* _THE RECORDS_
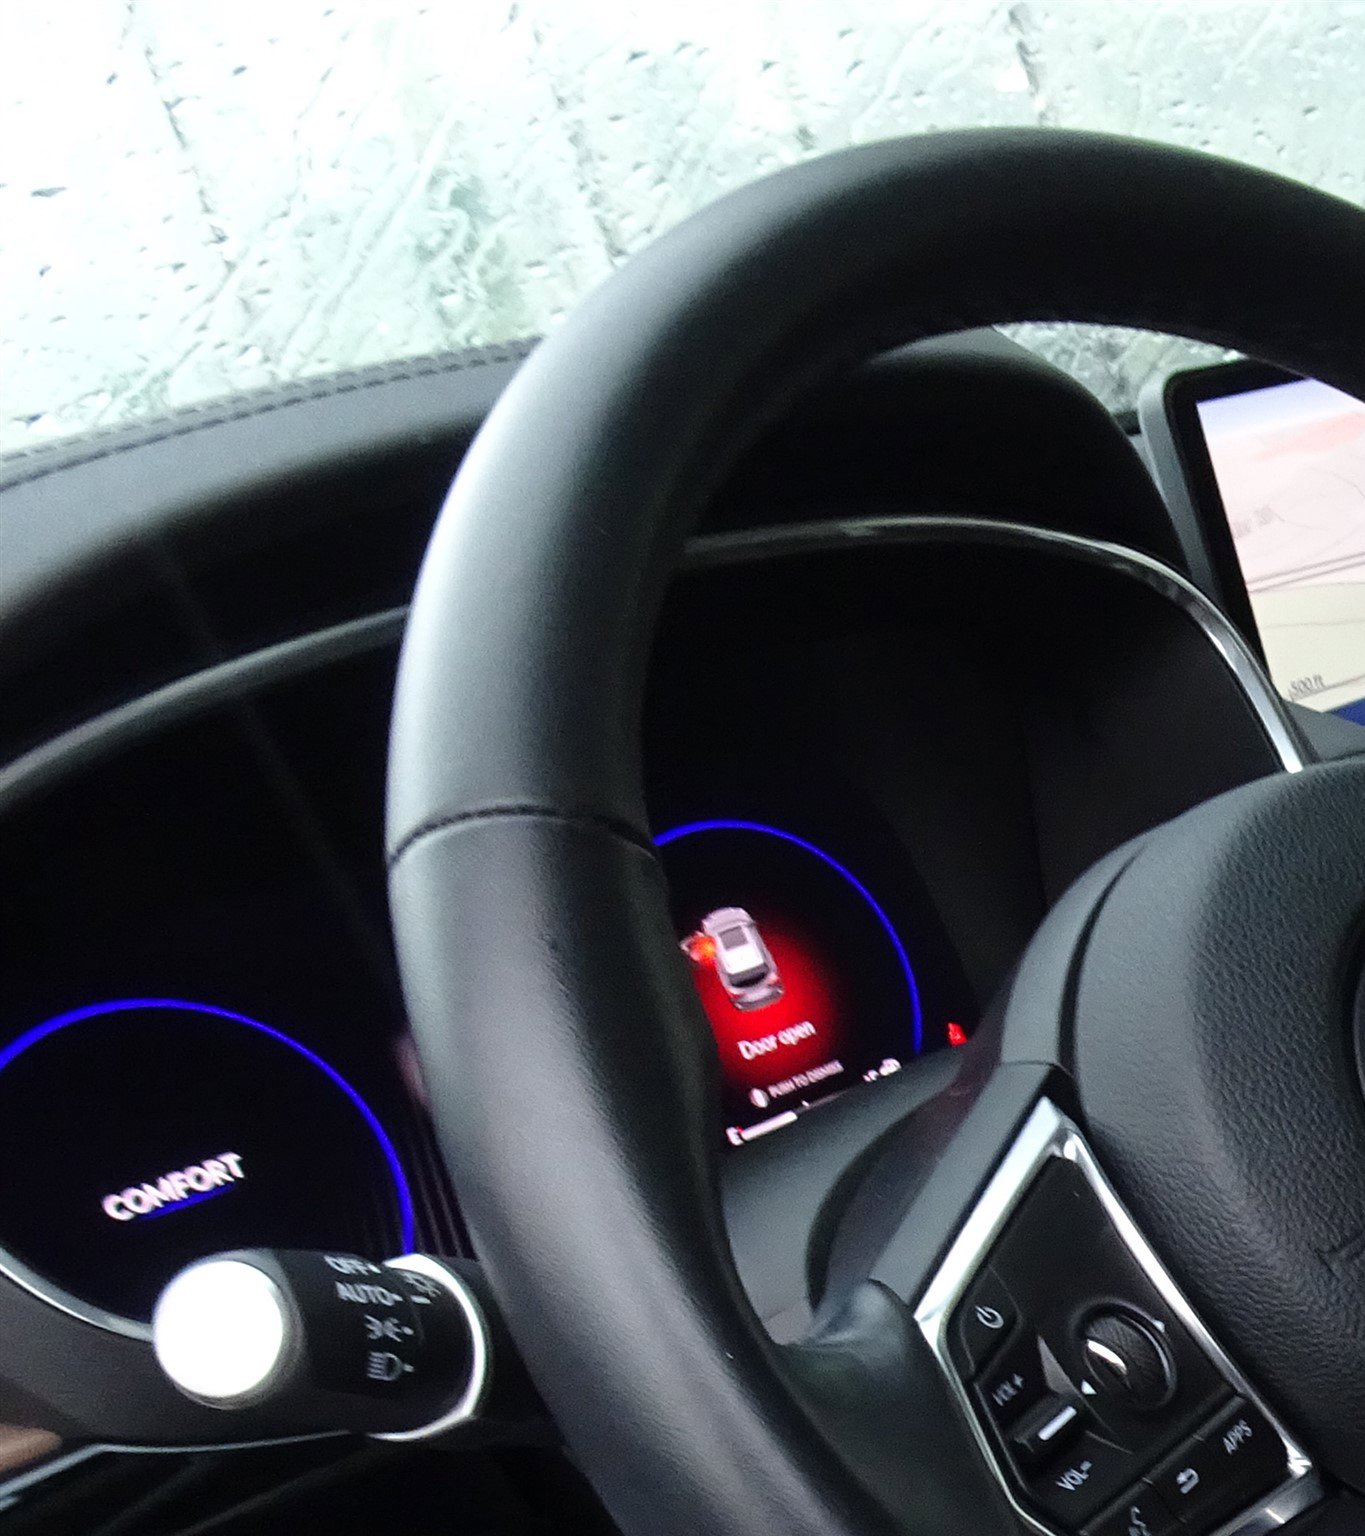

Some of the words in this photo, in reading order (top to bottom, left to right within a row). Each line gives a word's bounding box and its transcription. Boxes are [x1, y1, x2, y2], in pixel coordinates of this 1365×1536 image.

[737, 1036, 778, 1060] Door
[779, 1020, 816, 1045] open
[101, 1151, 245, 1221] COMFORT
[335, 1281, 396, 1307] AUTO
[1222, 1419, 1253, 1455] APPS

* _WORK INSTRUCTION_
Give all the lines above again, character for character, without pictures.

* _PROBLEM SOLUTION_
Some of the words in this photo, in reading order (top to bottom, left to right within a row). Each line gives a word's bounding box and its transcription. Boxes are [x1, y1, x2, y2], in pixel coordinates of this 1365×1536 image.

[737, 1036, 778, 1060] Door
[779, 1020, 816, 1045] open
[101, 1151, 245, 1221] COMFORT
[335, 1281, 396, 1307] AUTO
[1222, 1419, 1253, 1455] APPS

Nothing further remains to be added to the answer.